START EXERCISE DATA
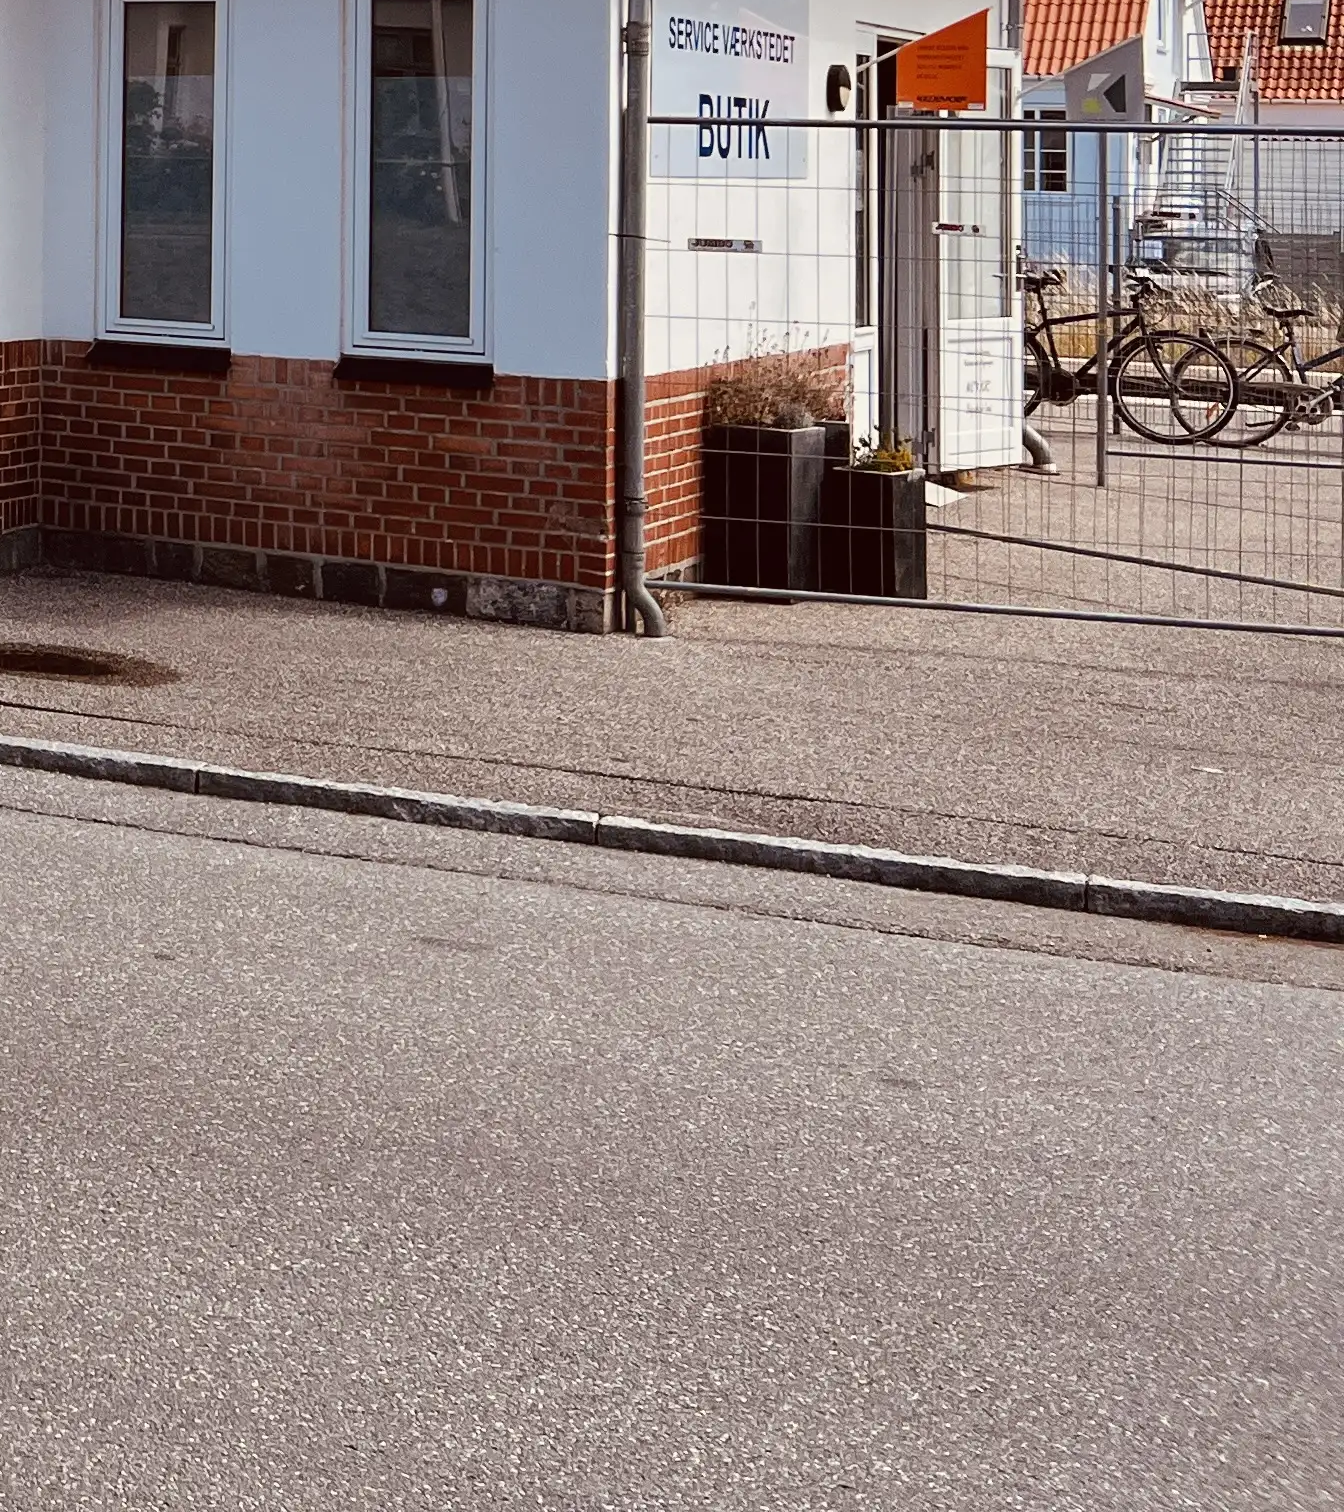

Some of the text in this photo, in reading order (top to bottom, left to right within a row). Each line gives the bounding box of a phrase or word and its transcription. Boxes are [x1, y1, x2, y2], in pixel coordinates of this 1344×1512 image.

[668, 16, 796, 65] SERVICE VÆRKSTEDET
[698, 93, 770, 160] BUTIK
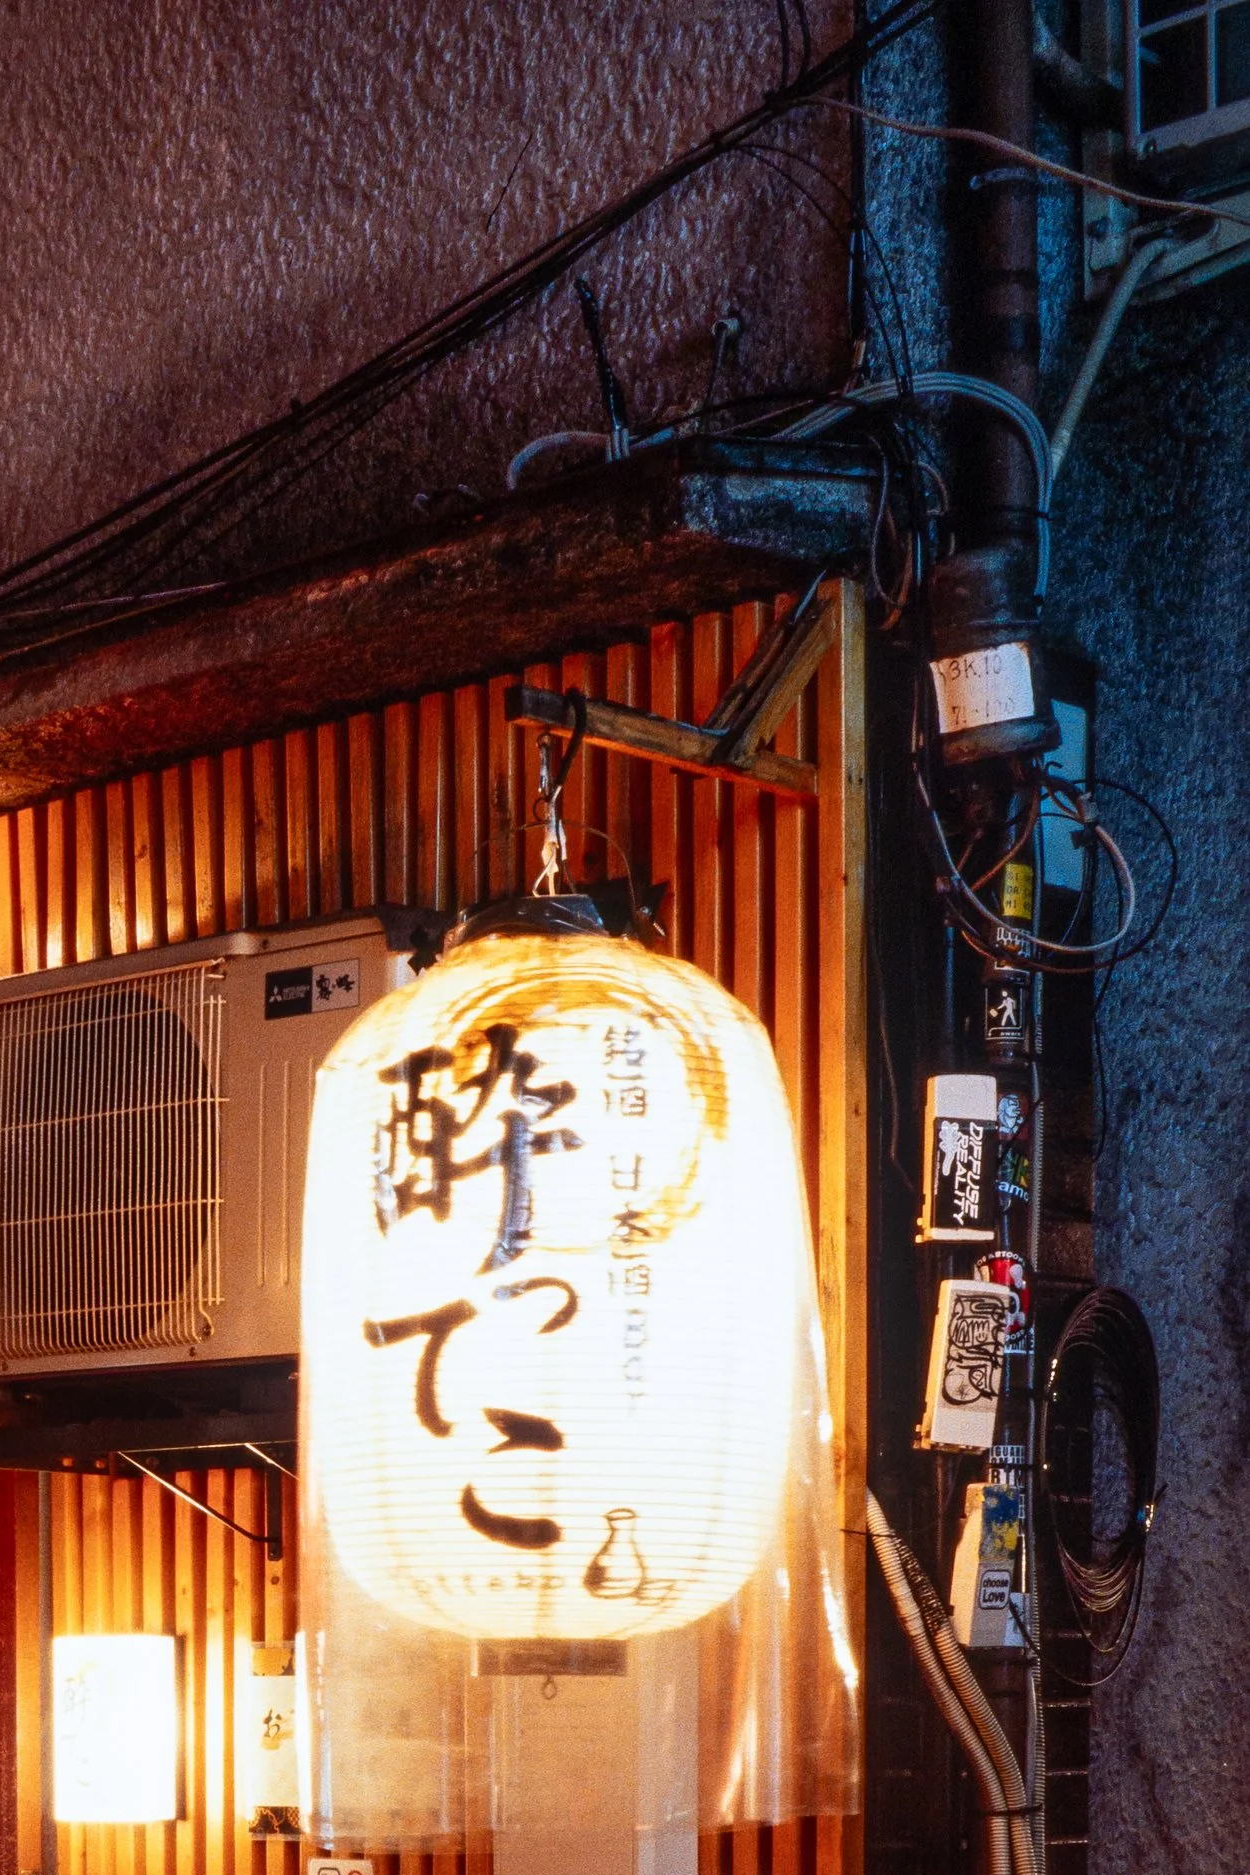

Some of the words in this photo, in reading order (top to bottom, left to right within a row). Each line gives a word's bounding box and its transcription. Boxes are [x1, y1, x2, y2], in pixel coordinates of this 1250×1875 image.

[952, 1132, 969, 1226] REALITY
[964, 1121, 984, 1220] DIFFUSE
[363, 1023, 586, 1549] 酔ってこ
[982, 1589, 1007, 1603] Love
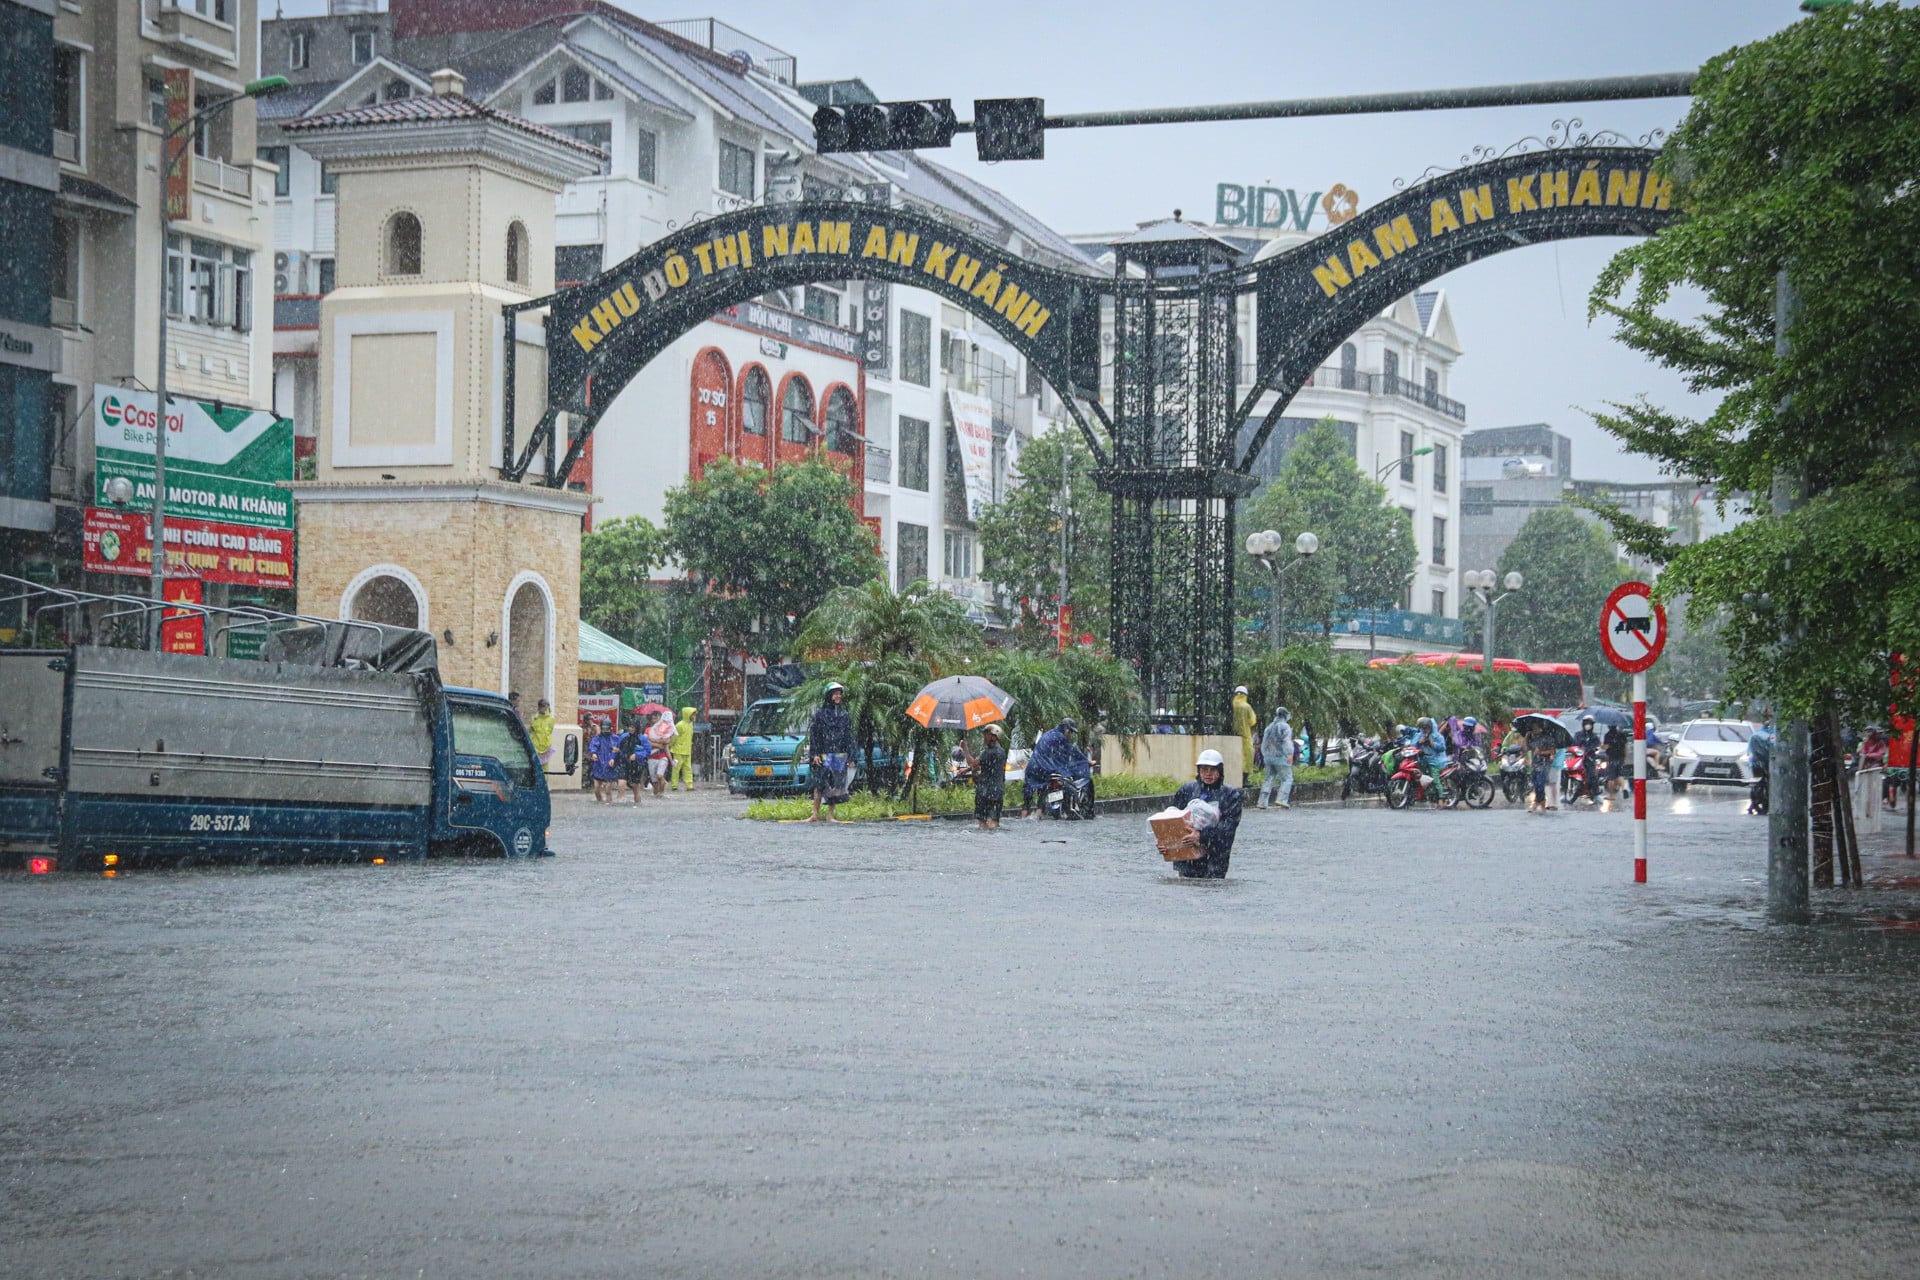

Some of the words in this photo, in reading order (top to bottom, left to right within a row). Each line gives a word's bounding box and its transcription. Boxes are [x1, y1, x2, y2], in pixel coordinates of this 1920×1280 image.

[1215, 182, 1322, 231] BIDV
[1312, 213, 1418, 298] NAM
[1429, 184, 1496, 238] AN
[1507, 161, 1673, 215] KHÁNH
[571, 281, 642, 353] KHU
[643, 248, 690, 302] ĐÔ
[692, 229, 753, 268] THỊ
[763, 220, 851, 257] NAM
[862, 225, 921, 267] AN
[923, 241, 1052, 340] KHÁNH
[748, 304, 768, 329] HỘI
[769, 311, 793, 338] NGHỊ
[807, 325, 830, 347] SINH
[124, 404, 184, 433] Casrol
[124, 428, 144, 443] Bike
[137, 483, 166, 500] AN
[169, 486, 216, 507] MOTOR
[219, 495, 239, 510] AN
[242, 493, 287, 518] KHÁNH
[221, 534, 246, 551] CAO
[248, 533, 283, 554] BẰNG
[188, 552, 220, 569] QUAY
[228, 553, 255, 574] PHỞ
[256, 560, 290, 577] CHUA
[190, 814, 251, 831] 29C-537.34
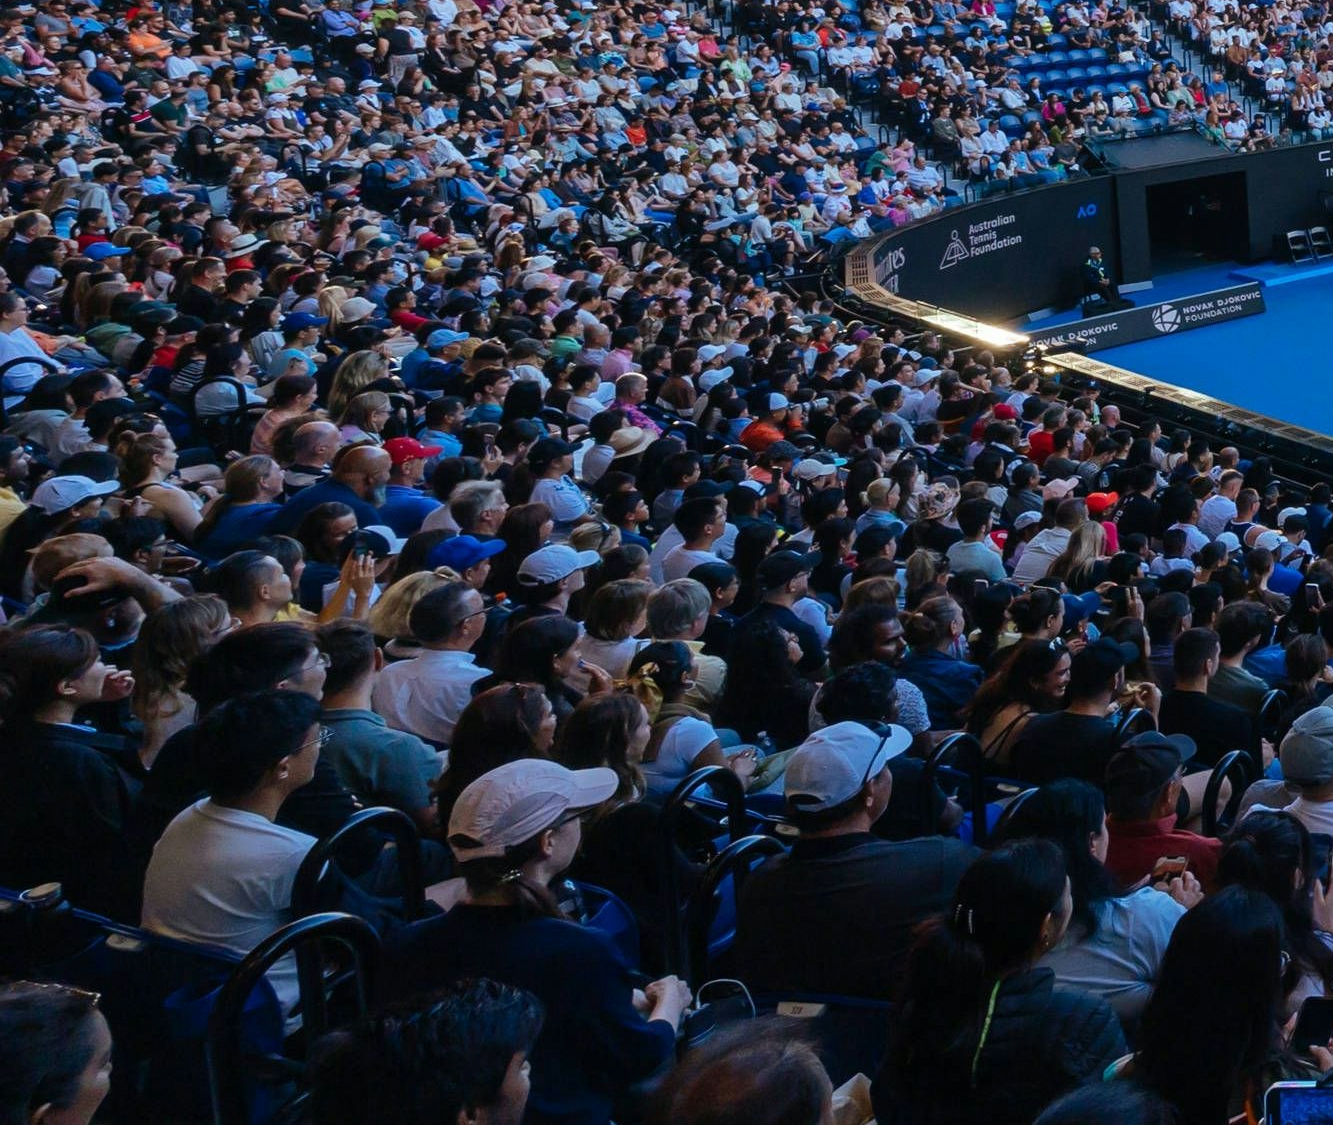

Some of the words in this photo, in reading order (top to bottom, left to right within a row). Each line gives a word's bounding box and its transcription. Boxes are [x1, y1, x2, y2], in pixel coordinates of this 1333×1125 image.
END EXERCISE DATA
PROBLEM REQUIREMENTS:
Print the material word for word without images.

FINISHED TASK:
Some of the text in this photo, in reading order (top to bottom, left to right within a row). Each line gives the bounding box of a phrase or word and its transcription. Boxes are [x1, y1, x2, y2], in pixel coordinates of this 1344×1512 image.

[668, 16, 796, 65] SERVICE VÆRKSTEDET
[698, 93, 770, 160] BUTIK

Some of the words in this photo, in reading order (top to bottom, left to right within a row). Each line gives a word's bounding box and its transcription. Boxes are [x1, y1, x2, y2], in pixel coordinates of this 1250×1875 image.

[952, 1132, 969, 1226] REALITY
[964, 1121, 984, 1220] DIFFUSE
[363, 1023, 586, 1549] 酔ってこ
[982, 1589, 1007, 1603] Love

Some of the words in this photo, in reading order (top to bottom, left to right within a row). Each line gives a word's bounding box and its transcription. Boxes are [x1, y1, x2, y2], in pixel coordinates of this 1920×1280 image.

[1215, 182, 1322, 231] BIDV
[1312, 213, 1418, 298] NAM
[1429, 184, 1496, 238] AN
[1507, 161, 1673, 215] KHÁNH
[571, 281, 642, 353] KHU
[643, 248, 690, 302] ĐÔ
[692, 229, 753, 268] THỊ
[763, 220, 851, 257] NAM
[862, 225, 921, 267] AN
[923, 241, 1052, 340] KHÁNH
[748, 304, 768, 329] HỘI
[769, 311, 793, 338] NGHỊ
[807, 325, 830, 347] SINH
[124, 404, 184, 433] Casrol
[124, 428, 144, 443] Bike
[137, 483, 166, 500] AN
[169, 486, 216, 507] MOTOR
[219, 495, 239, 510] AN
[242, 493, 287, 518] KHÁNH
[221, 534, 246, 551] CAO
[248, 533, 283, 554] BẰNG
[188, 552, 220, 569] QUAY
[228, 553, 255, 574] PHỞ
[256, 560, 290, 577] CHUA
[190, 814, 251, 831] 29C-537.34

Some of the words in this photo, in reading order (top to bottom, left to right within a row). Each line gives a word's bounding box and its transcription. Boxes are [x1, y1, x2, y2], in pixel coordinates of this 1333×1125 image.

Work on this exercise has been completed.